◆ **Exercise prompt**: Print every entry again exactly, with no pictures.

Segment Start: Given data

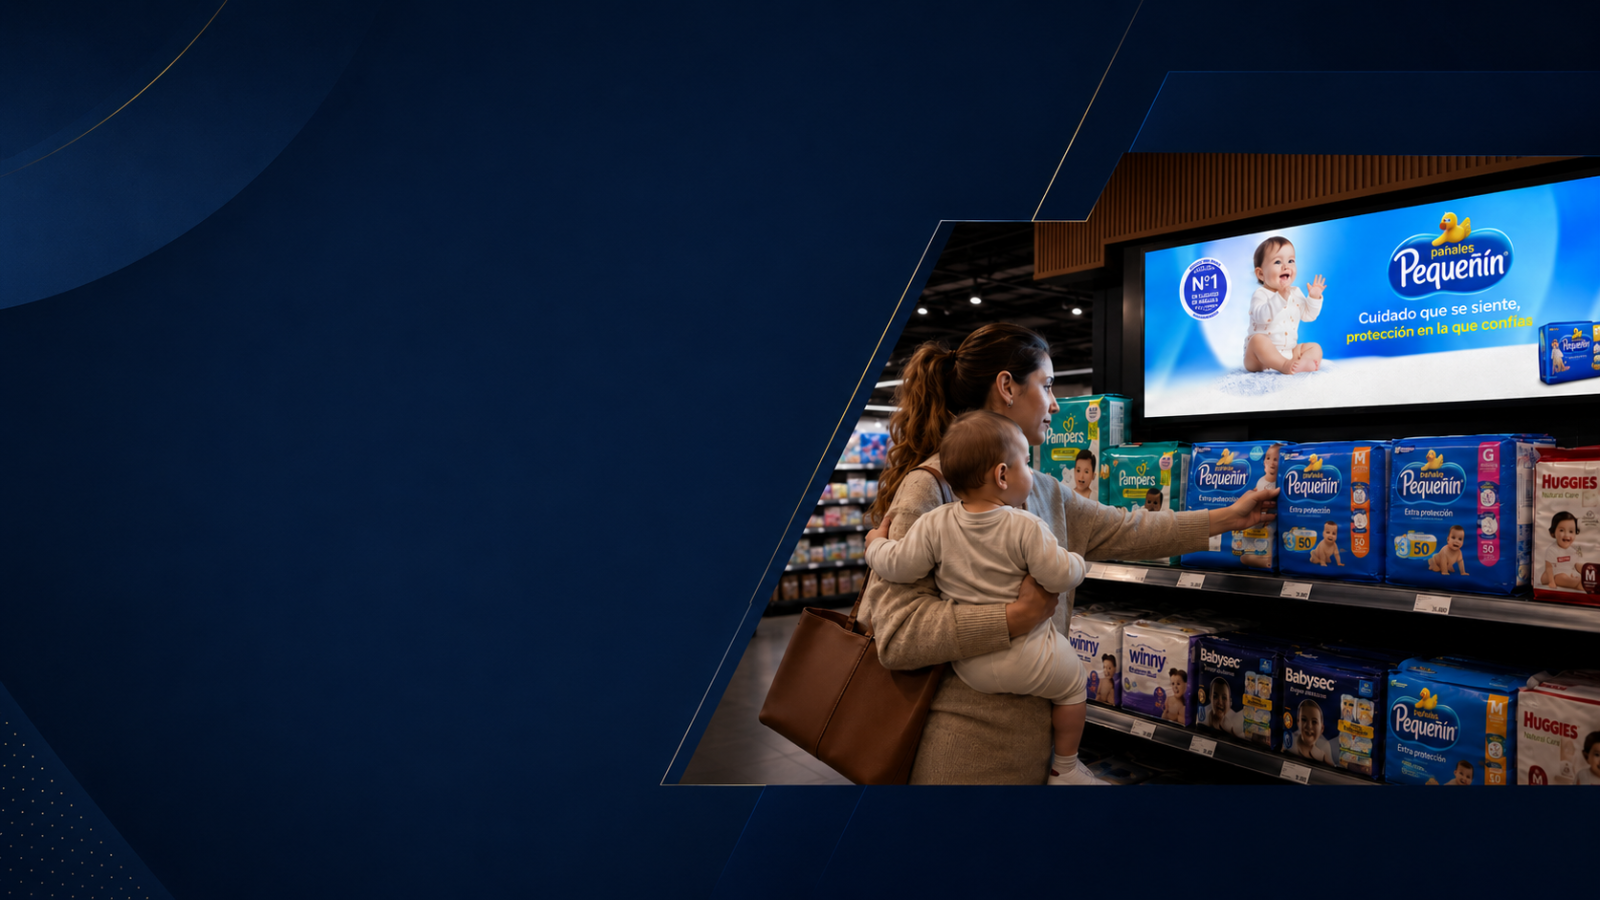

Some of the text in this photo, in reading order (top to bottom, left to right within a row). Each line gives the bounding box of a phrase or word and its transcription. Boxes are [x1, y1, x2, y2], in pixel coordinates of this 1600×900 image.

[1431, 243, 1475, 260] pañales
[1394, 248, 1505, 290] Pequeñín
[1359, 298, 1521, 324] Cuidado que se siente,
[1346, 326, 1414, 345] protección
[1417, 325, 1434, 336] en
[1437, 321, 1449, 334] la
[1452, 320, 1478, 336] que
[1046, 427, 1085, 447] Pampers
[1354, 451, 1366, 465] M
[1482, 448, 1494, 462] G
[1119, 469, 1156, 489] Pampers
[1198, 463, 1247, 489] Pequeñín
[1286, 470, 1338, 498] Pequeñín
[1400, 469, 1461, 500] Pequeñín
[1542, 473, 1598, 489] HUGGIES
[1565, 491, 1580, 499] Care
[1298, 537, 1311, 548] 50
[1414, 542, 1430, 555] 50
[1482, 544, 1494, 554] 50
[1585, 570, 1596, 581] M
[1070, 634, 1099, 657] winny
[1129, 647, 1166, 673] winny
[1200, 647, 1240, 669] Babysec
[1285, 667, 1335, 691] Babysec
[1490, 700, 1503, 715] M
[1393, 703, 1455, 742] Pequeñín
[1523, 710, 1578, 740] HUGGIES
[1397, 743, 1414, 756] Extra

Segment End: Given data

◆ **Solution**:
Some of the text in this photo, in reading order (top to bottom, left to right within a row). Each line gives the bounding box of a phrase or word and its transcription. Boxes are [x1, y1, x2, y2], in pixel coordinates of this 1600×900 image.

[1431, 243, 1475, 260] pañales
[1394, 248, 1505, 290] Pequeñín
[1359, 298, 1521, 324] Cuidado que se siente,
[1346, 326, 1414, 345] protección
[1417, 325, 1434, 336] en
[1437, 321, 1449, 334] la
[1452, 320, 1478, 336] que
[1046, 427, 1085, 447] Pampers
[1354, 451, 1366, 465] M
[1482, 448, 1494, 462] G
[1119, 469, 1156, 489] Pampers
[1198, 463, 1247, 489] Pequeñín
[1286, 470, 1338, 498] Pequeñín
[1400, 469, 1461, 500] Pequeñín
[1542, 473, 1598, 489] HUGGIES
[1565, 491, 1580, 499] Care
[1298, 537, 1311, 548] 50
[1414, 542, 1430, 555] 50
[1482, 544, 1494, 554] 50
[1585, 570, 1596, 581] M
[1070, 634, 1099, 657] winny
[1129, 647, 1166, 673] winny
[1200, 647, 1240, 669] Babysec
[1285, 667, 1335, 691] Babysec
[1490, 700, 1503, 715] M
[1393, 703, 1455, 742] Pequeñín
[1523, 710, 1578, 740] HUGGIES
[1397, 743, 1414, 756] Extra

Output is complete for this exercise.